Hannah Reimann's Steinway Model C grand piano is shown fitted with a narrower 'stretto' keyboard.
Hannah Reimann’s Steinway Model C grand piano is shown fitted with a narrower “stretto” keyboard. (Hannah Reimann)

Does size matter?

Simply using a smaller keyboard won’t turn a smaller-handed pianist into a prodigy overnight, but it will reduce tension — the enemy of musicality — and the possibility of injuries.

Fellow advocates, like Carol Leone, chair of piano studies at Southern Methodist University’s Meadows School of the Arts, have compiled statistics showing that men far outnumber women as winners of major piano competitions that are especially critical at the start of an artist’s career. But women tend to outpace men in competitions for the violin, which comes in various sizes and adaptations.

And yet, many smaller-handed pianists have performed at the highest level, from Alicia de Larrocha and Vladimir Ashkenazy to Martha Argerich.
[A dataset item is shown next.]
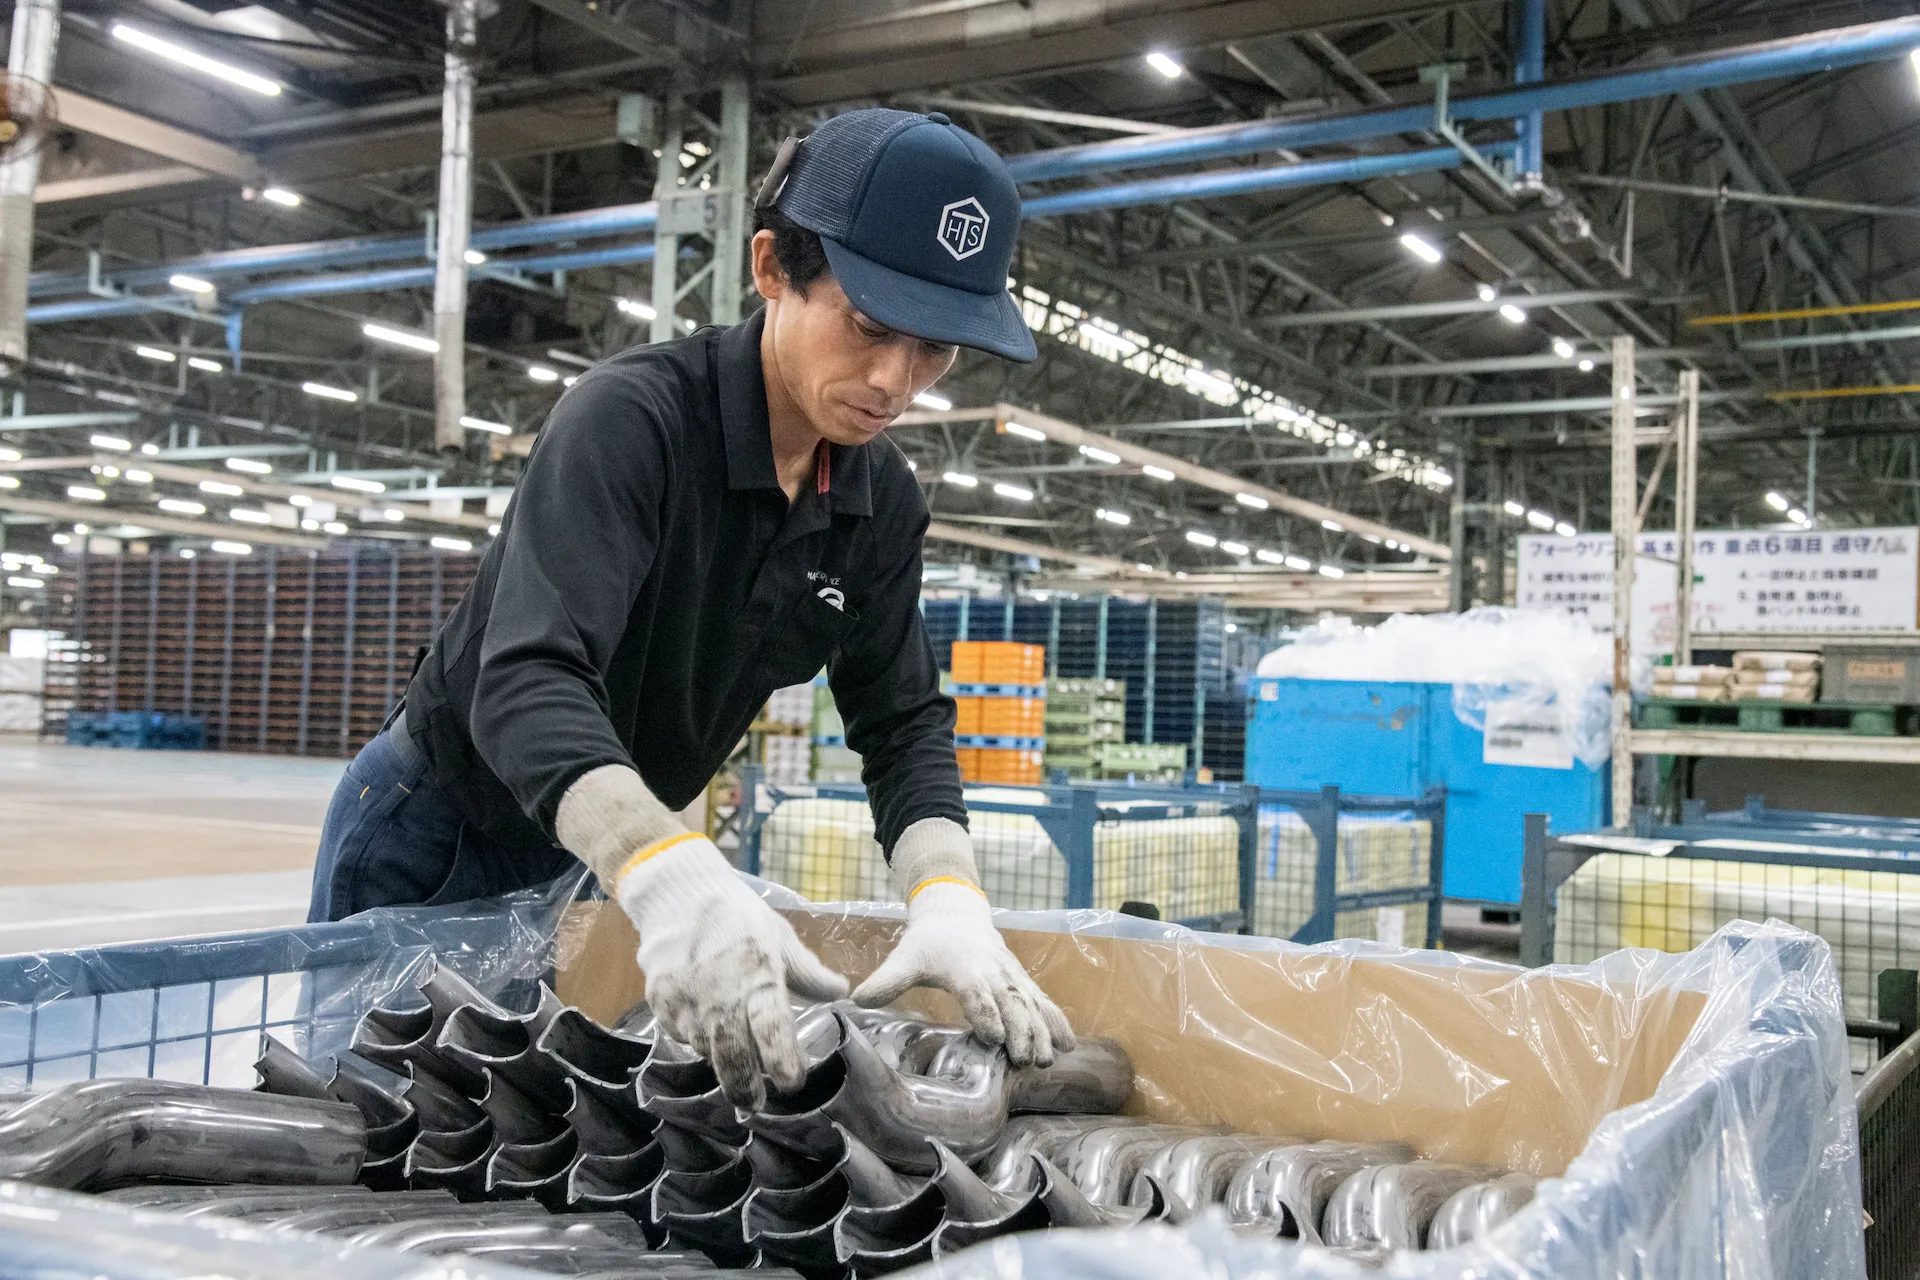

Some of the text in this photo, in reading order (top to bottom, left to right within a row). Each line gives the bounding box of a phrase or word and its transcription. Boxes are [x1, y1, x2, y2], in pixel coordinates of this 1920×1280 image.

[1529, 540, 1614, 557] フォークリ
[1643, 540, 1716, 555] 基本作
That’s because the biggest challenge in advanced repertoire is not necessarily the reach — very large hands can be challenging to maneuver in certain virtuosic pieces — but technical ease and agility, something that can be found in all hand sizes.

“If you’re talking about a great artist like Maria João Pires, I have seen her play where she’s so smart about how she uses her elbow and her shoulder and her torso in very, very subtle ways to achieve, to focus on the musical expression of the composition and not to be hindered by the physical challenge,” said Norman Krieger, who chairs the piano department at Indiana University Bloomington’s Jacobs School of Music.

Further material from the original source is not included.